Sample to build the empirical distribution from

positive

Is the underlying distribution known to be positive? This will effect the density estimation procedure. positive = FALSE uses a kernel density estimate produced by density(), positive = TRUE uses a log-kernel density estimate produced by logKDE::logdensity_fft(). The latter can improve density estimation near zero.

bw

Bandwidth parameter for density estimation. Passed to the density estimation function selected by positive.

Value

An EmpiricalDistribution object.

Details

  • sample() samples iid. from sample. This approach is similar to bootstrapping.

  • density() evaluates a kernel density estimate, approximating with zero outside of the known support. This estimate is either obtained using stats::density or logKDE::logdensity_fft, depending on positive.

  • probability() evaluates the empirical cumulative density function obtained by stats::ecdf.

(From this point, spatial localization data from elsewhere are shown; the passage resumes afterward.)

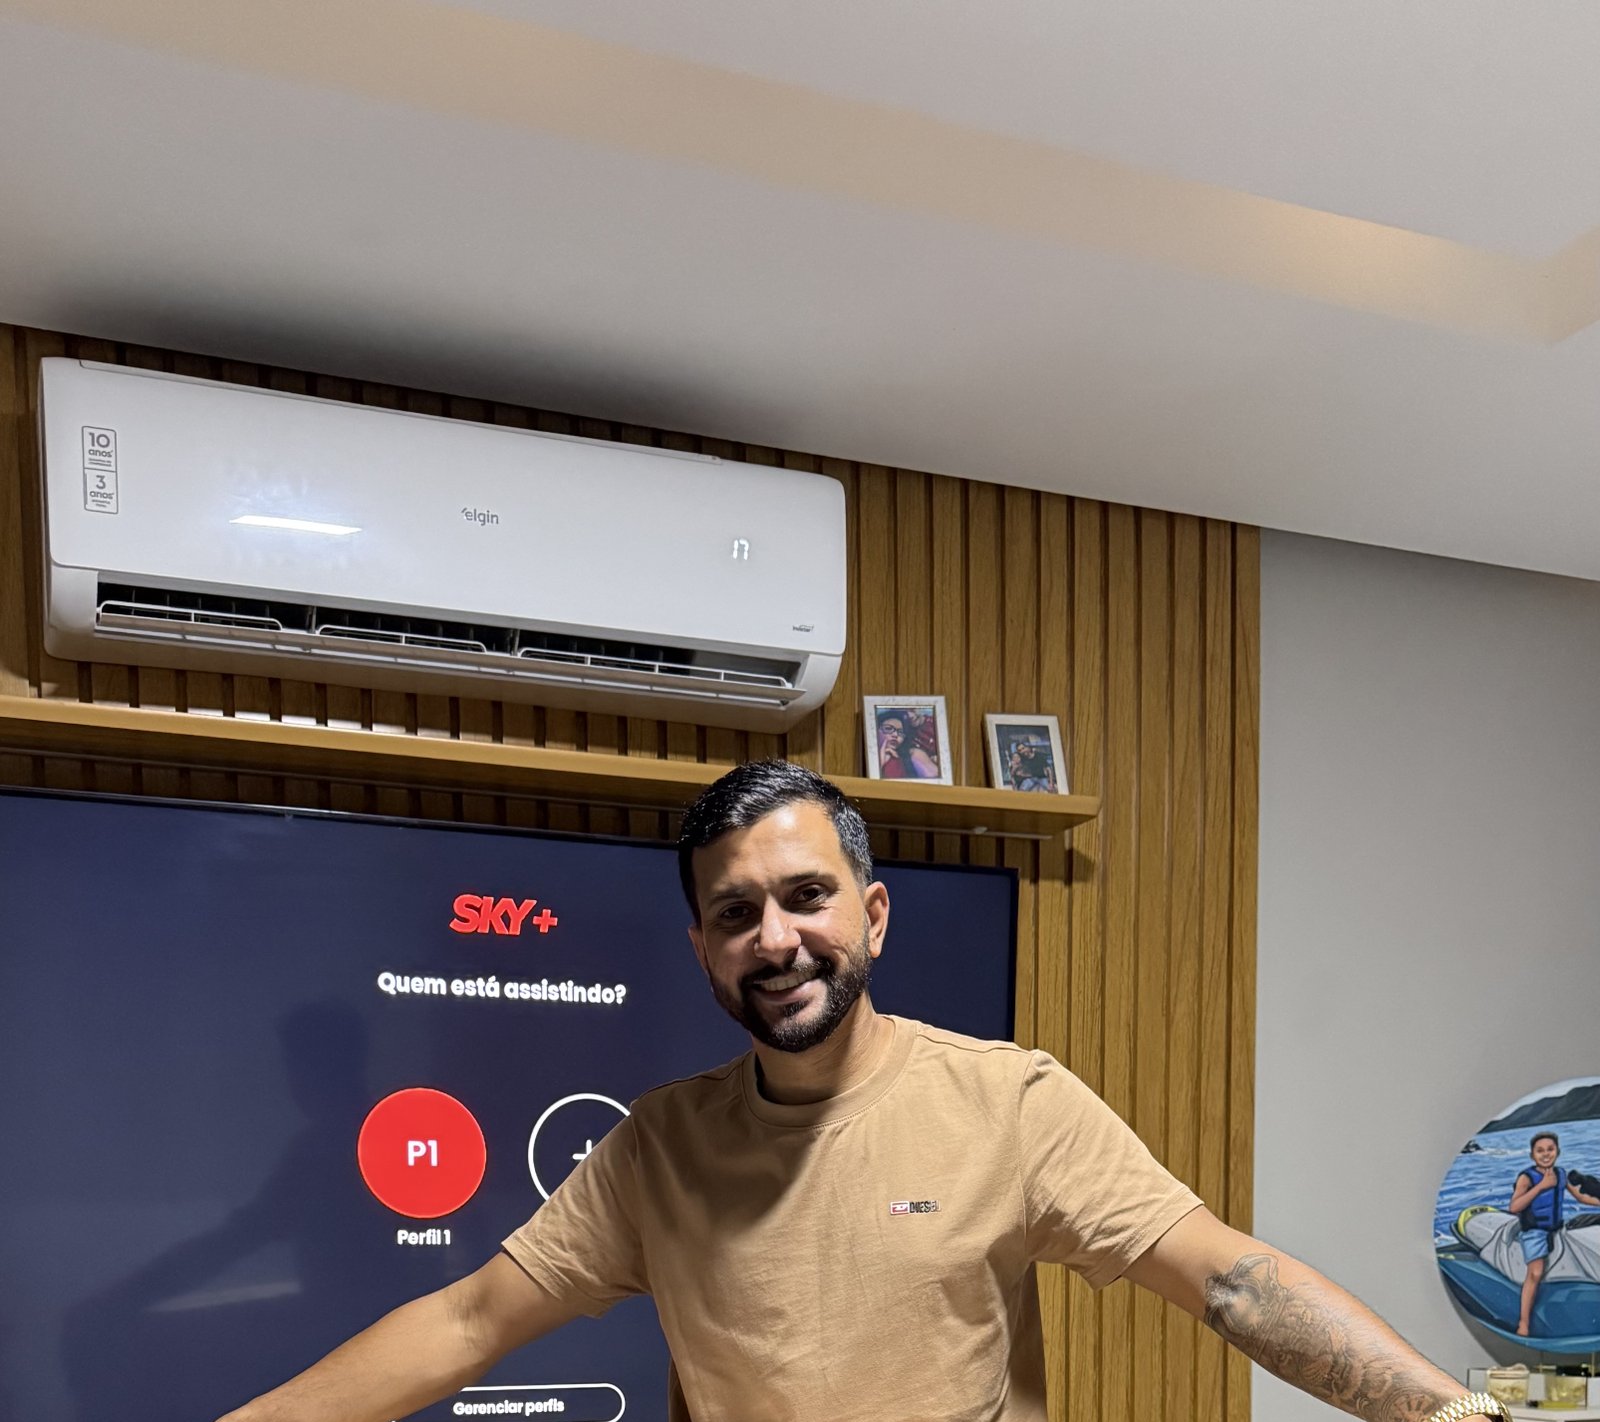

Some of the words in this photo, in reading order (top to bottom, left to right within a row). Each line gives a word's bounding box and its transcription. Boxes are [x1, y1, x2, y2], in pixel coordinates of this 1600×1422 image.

[88, 432, 111, 448] 10
[95, 474, 106, 490] 3
[461, 507, 499, 526] elgin
[377, 971, 447, 995] Quem
[450, 975, 500, 998] está
[503, 978, 627, 1005] assistindo?
[407, 1140, 438, 1167] P1
[397, 1228, 441, 1245] Perfil
[443, 1229, 451, 1245] 1
[453, 1400, 523, 1415] Gerenciar
[525, 1398, 565, 1417] perfis
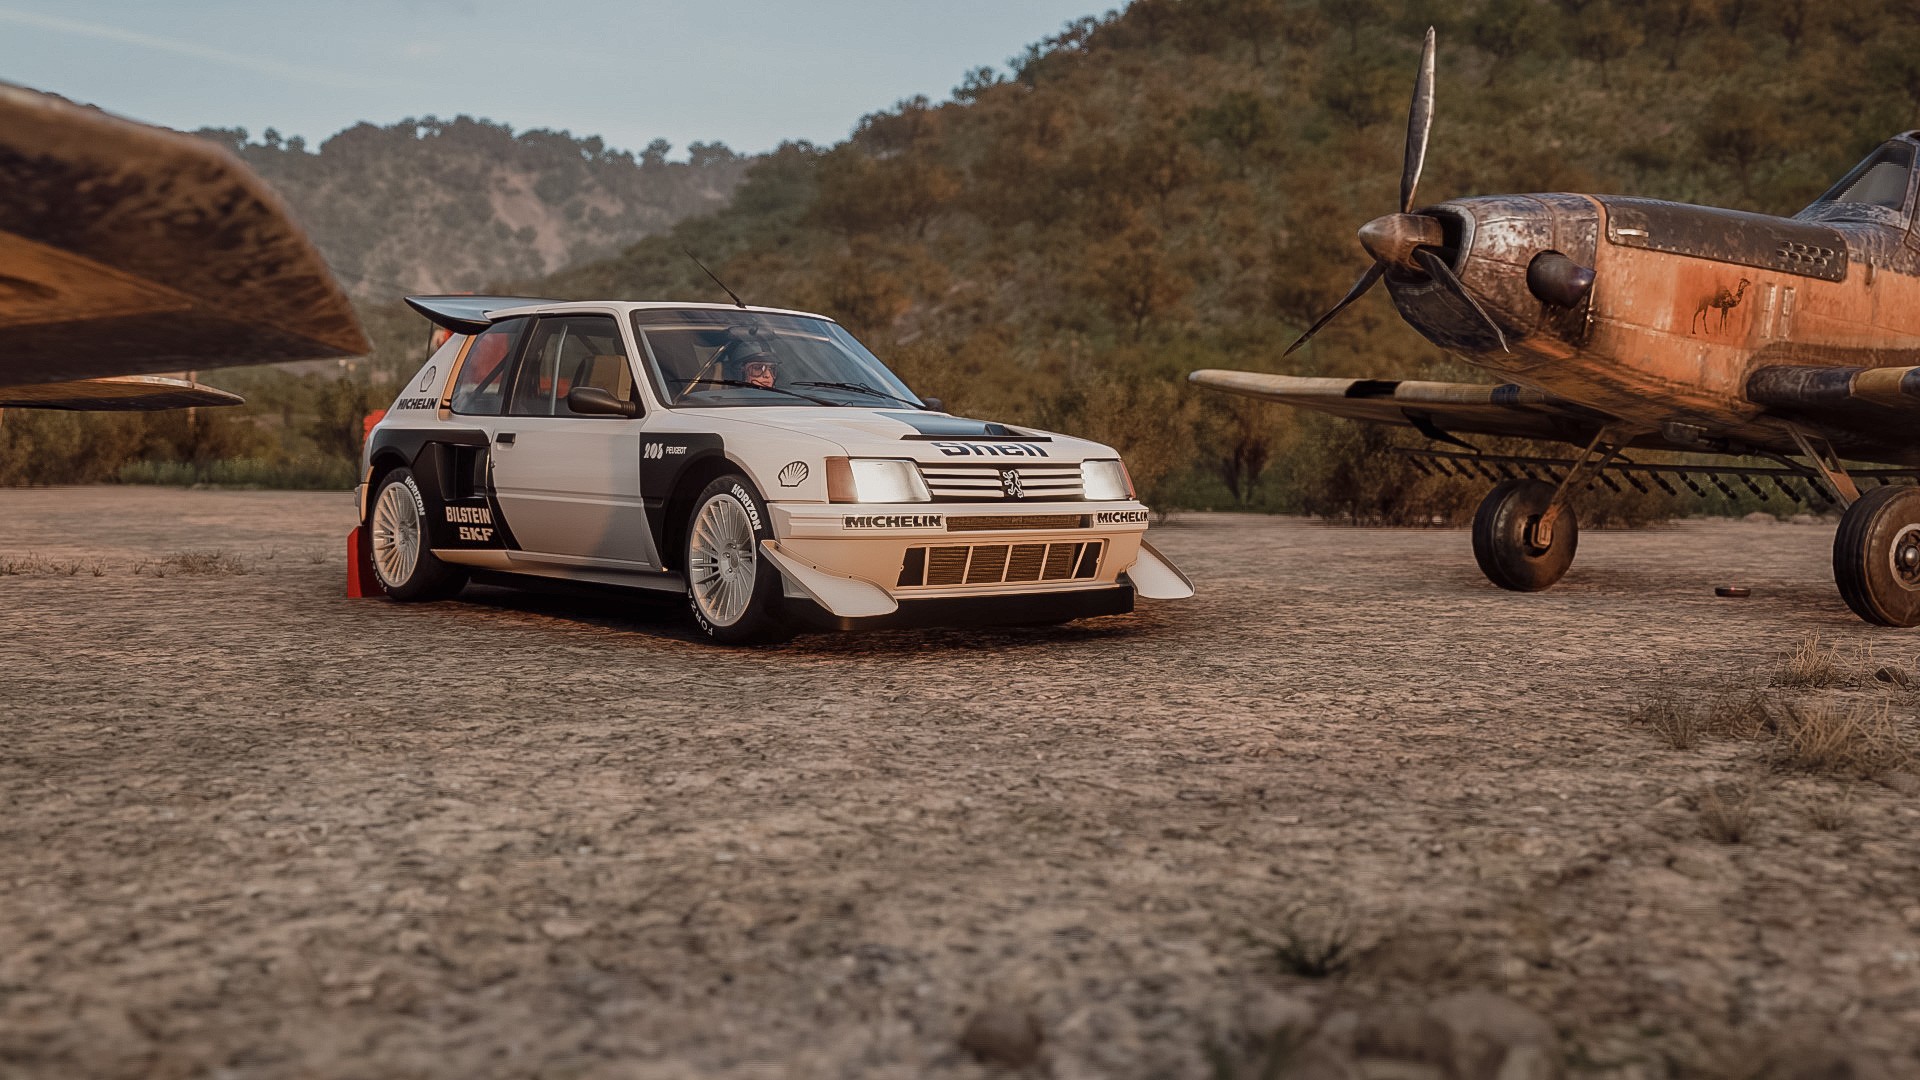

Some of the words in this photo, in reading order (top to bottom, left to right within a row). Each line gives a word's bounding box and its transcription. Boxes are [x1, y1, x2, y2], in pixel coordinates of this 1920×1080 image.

[396, 398, 438, 410] MICHELIN
[643, 442, 664, 459] 205
[665, 446, 687, 455] PEUGEOT
[930, 442, 1049, 457] Shell
[405, 475, 426, 517] HORIZON
[446, 506, 491, 524] BILSTEIN
[731, 483, 762, 531] HORIZON
[844, 514, 942, 528] MICHELIN
[460, 526, 494, 542] SKF

  • quantile() evaluates the empirical quantiles using stats::quantile

  • hazard() estimates the hazard rate using the density estimate and the empirical cumulative density function: h(t) = df(t) / (1 - cdf(t)).

Examples

x <- rexp(20, rate = 1)
dx <- dist_empirical(sample = x, positive = TRUE)

y <- rnorm(20)
dy <- dist_empirical(sample = y)

plot_distributions(
  exponential = dx,
  normal = dy,
  .x = seq(-3, 3, length.out = 100)
)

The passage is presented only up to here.